═════ EXTRACTED INFORMATION ═════

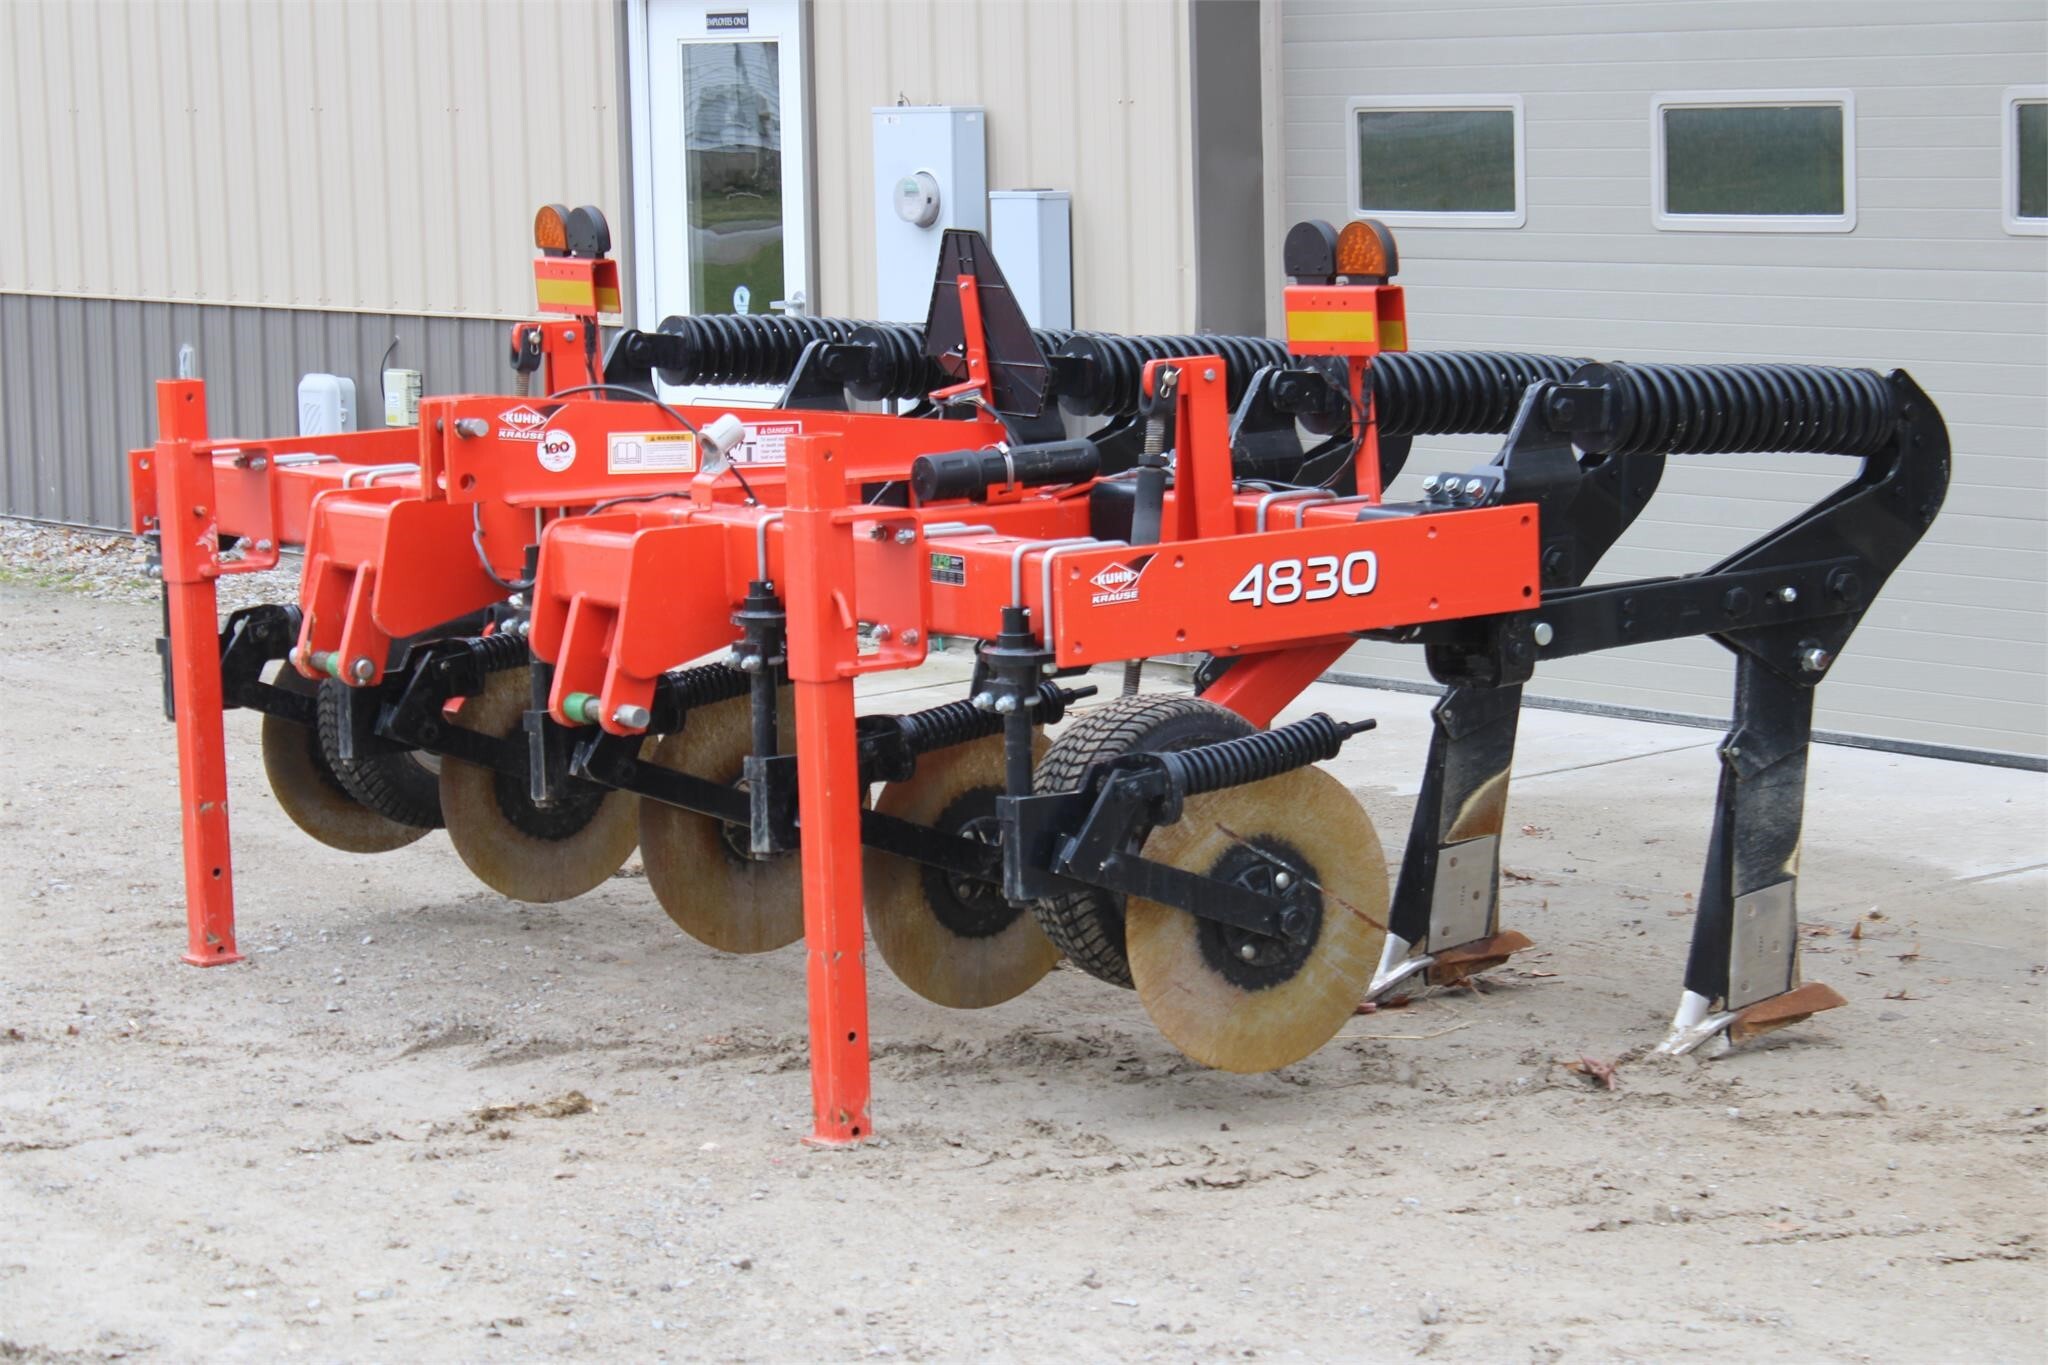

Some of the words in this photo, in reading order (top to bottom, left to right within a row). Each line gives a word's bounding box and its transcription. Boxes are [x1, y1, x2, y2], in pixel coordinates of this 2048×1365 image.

[706, 17, 732, 26] EMPLOYEES
[733, 16, 747, 25] ONLY
[505, 412, 541, 424] KUHN
[498, 429, 545, 440] KRAUSE
[766, 426, 795, 434] DANGER
[542, 441, 570, 455] 100
[1096, 570, 1133, 585] KUHN
[1228, 550, 1378, 607] 4830
[1092, 590, 1138, 604] KRAUSE
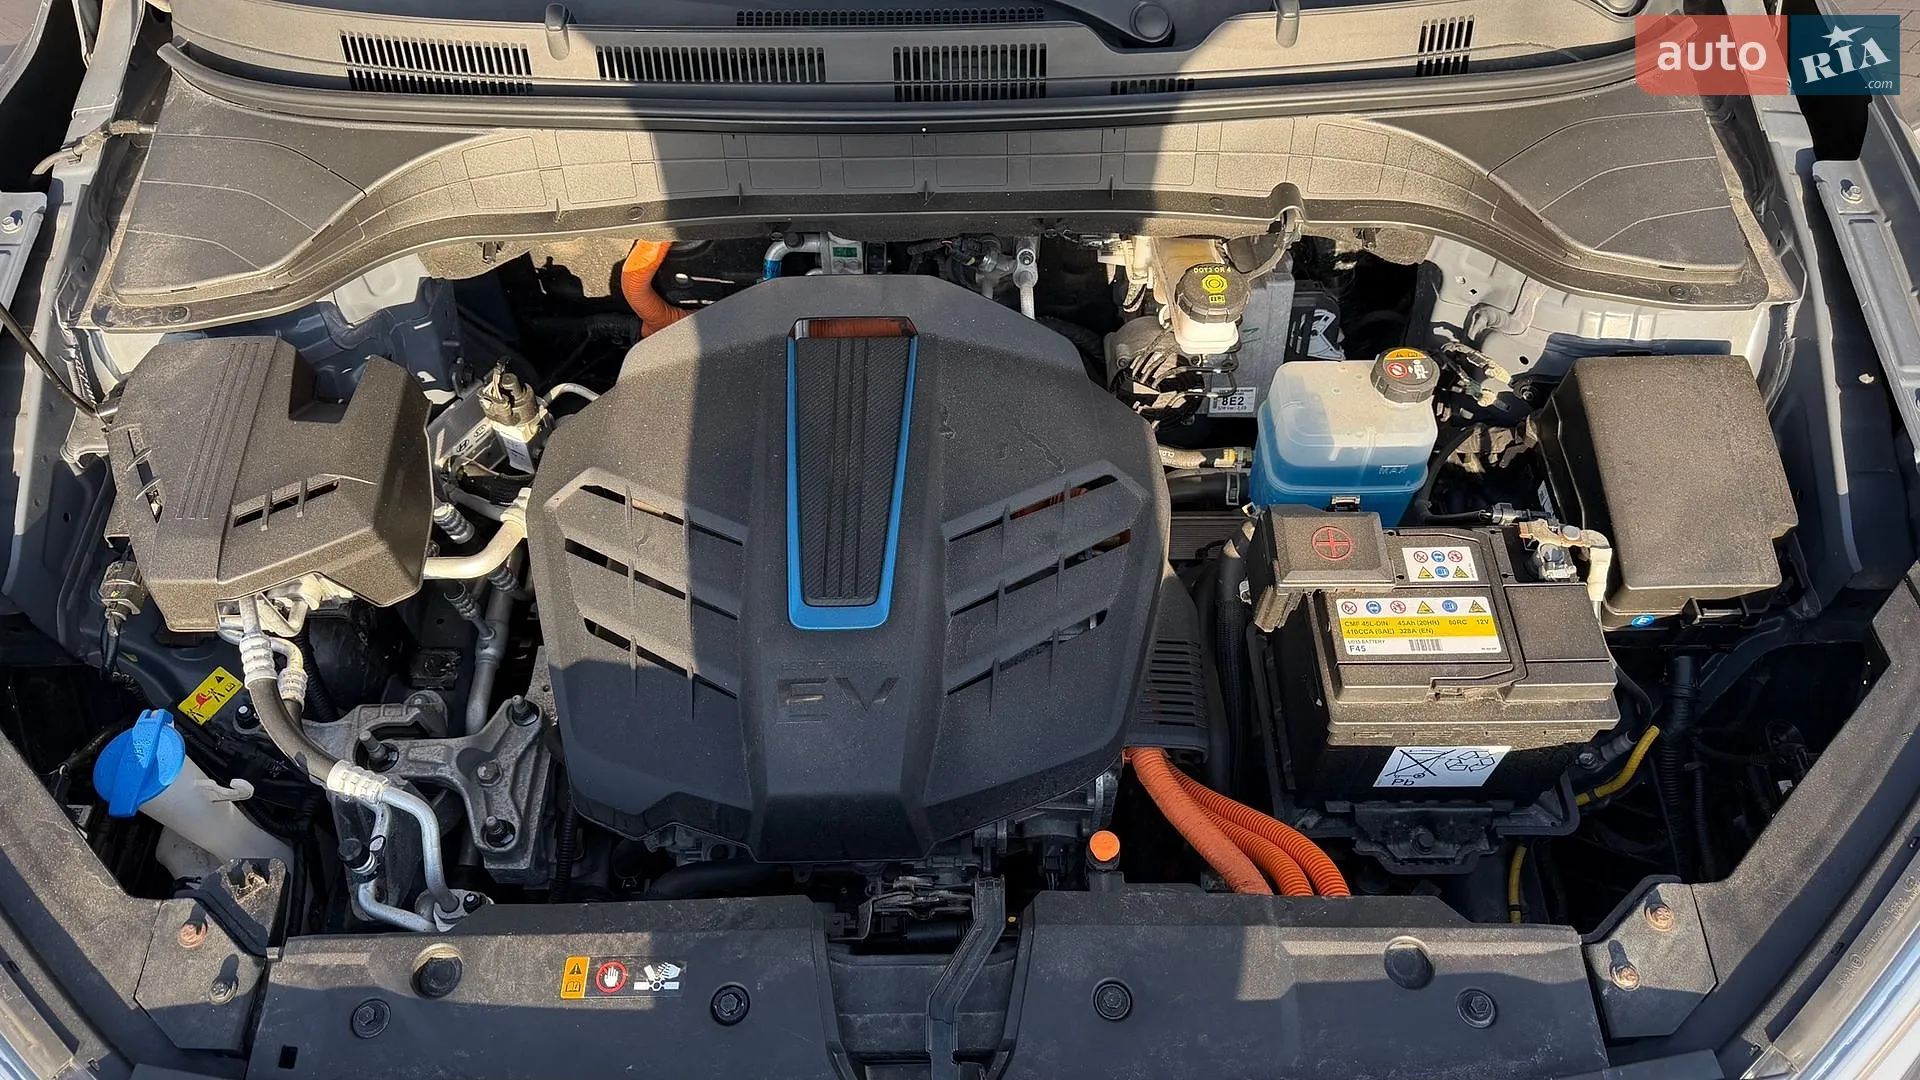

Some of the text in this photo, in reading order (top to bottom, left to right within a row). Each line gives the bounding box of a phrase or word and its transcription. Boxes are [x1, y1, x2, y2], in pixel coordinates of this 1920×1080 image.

[1221, 396, 1245, 406] 8E2
[1349, 645, 1367, 653] F45
[776, 677, 901, 723] EV
[1391, 778, 1415, 786] Pb
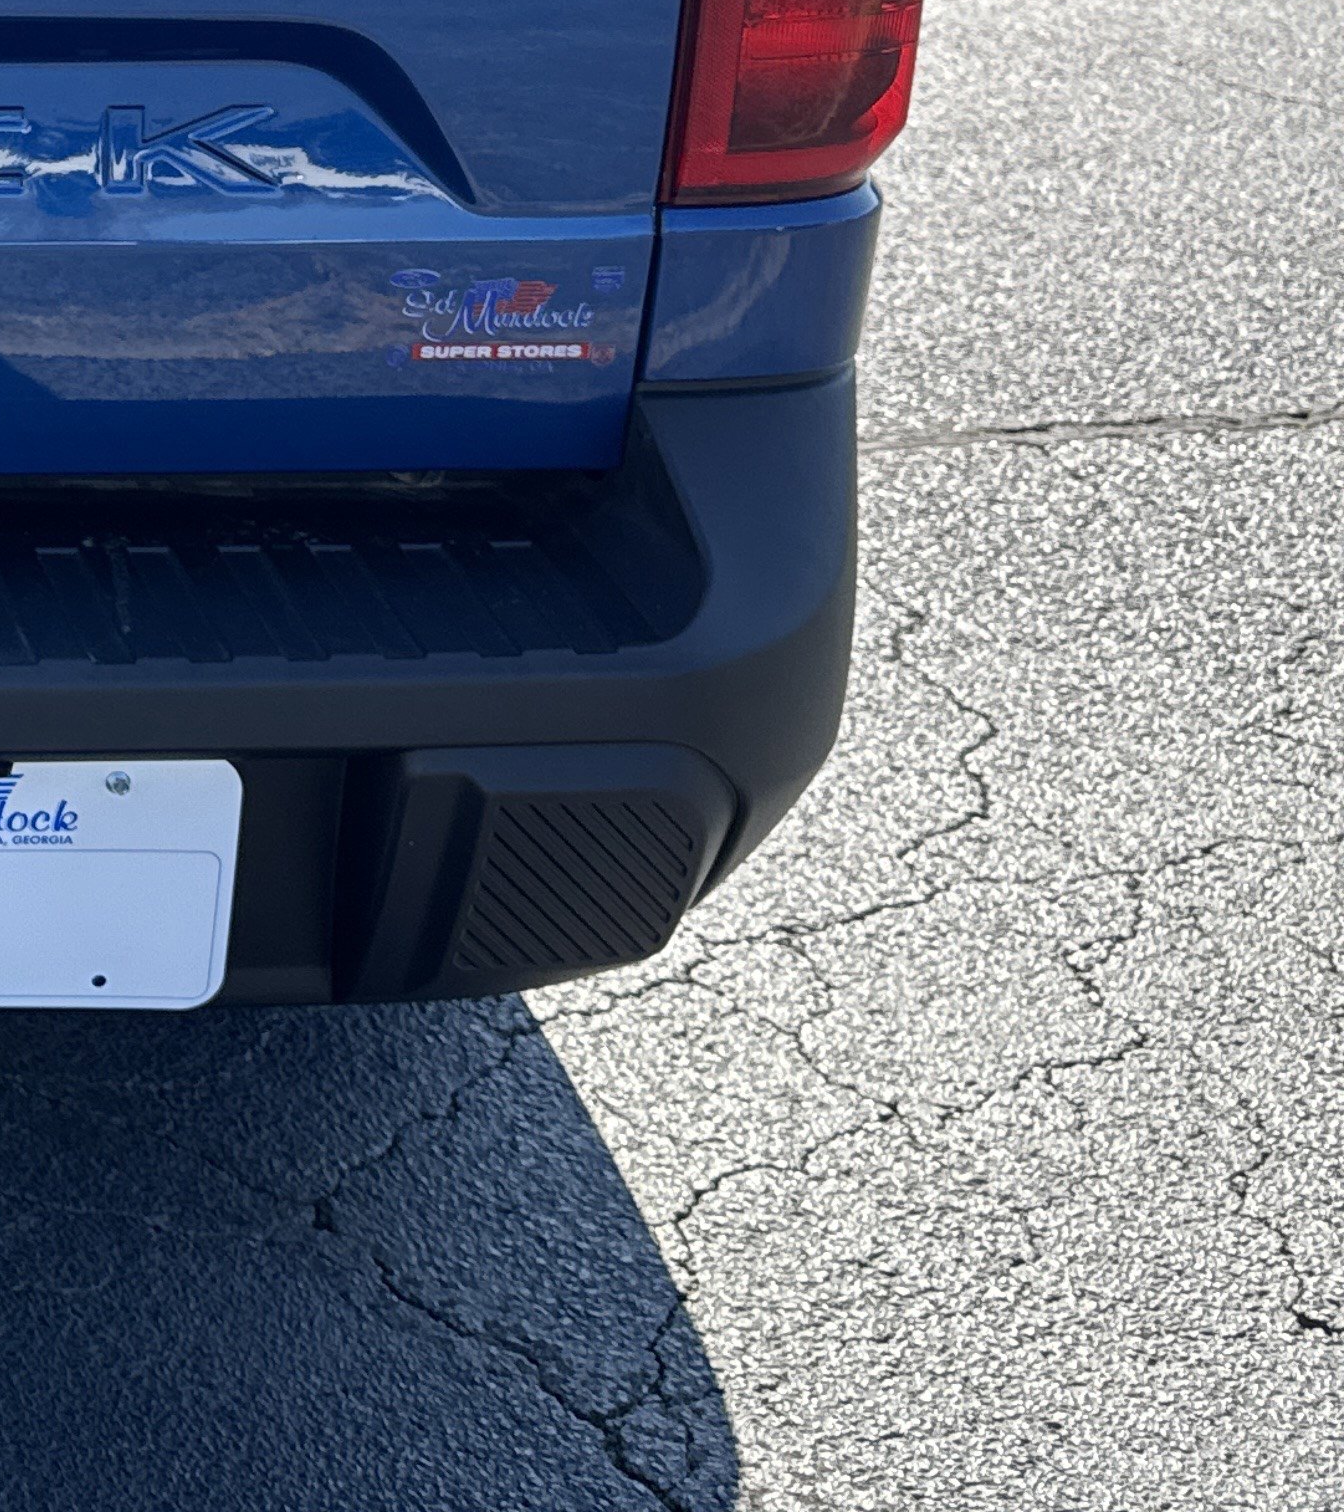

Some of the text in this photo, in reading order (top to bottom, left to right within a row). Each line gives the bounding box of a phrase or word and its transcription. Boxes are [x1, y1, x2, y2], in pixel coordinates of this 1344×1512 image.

[402, 285, 595, 342] Ed Murdock
[420, 345, 582, 359] SUPER STORES
[12, 834, 74, 845] GEORGIA

═════

GOAL OF THE EXERCISE => Your copy of the entries must be exact and must not include any of their pictures.

RESPONSE AREA =>
Some of the words in this photo, in reading order (top to bottom, left to right within a row). Each line gives a word's bounding box and its transcription. Boxes are [x1, y1, x2, y2], in pixel coordinates of this 2048×1365 image.

[706, 17, 732, 26] EMPLOYEES
[733, 16, 747, 25] ONLY
[505, 412, 541, 424] KUHN
[498, 429, 545, 440] KRAUSE
[766, 426, 795, 434] DANGER
[542, 441, 570, 455] 100
[1096, 570, 1133, 585] KUHN
[1228, 550, 1378, 607] 4830
[1092, 590, 1138, 604] KRAUSE

Some of the text in this photo, in reading order (top to bottom, left to right within a row). Each line gives the bounding box of a phrase or word and its transcription. Boxes are [x1, y1, x2, y2], in pixel coordinates of this 1920×1080 image.

[1221, 396, 1245, 406] 8E2
[1349, 645, 1367, 653] F45
[776, 677, 901, 723] EV
[1391, 778, 1415, 786] Pb

Some of the text in this photo, in reading order (top to bottom, left to right within a row). Each line gives the bounding box of a phrase or word and its transcription. Boxes are [x1, y1, x2, y2], in pixel coordinates of this 1344×1512 image.

[402, 285, 595, 342] Ed Murdock
[420, 345, 582, 359] SUPER STORES
[12, 834, 74, 845] GEORGIA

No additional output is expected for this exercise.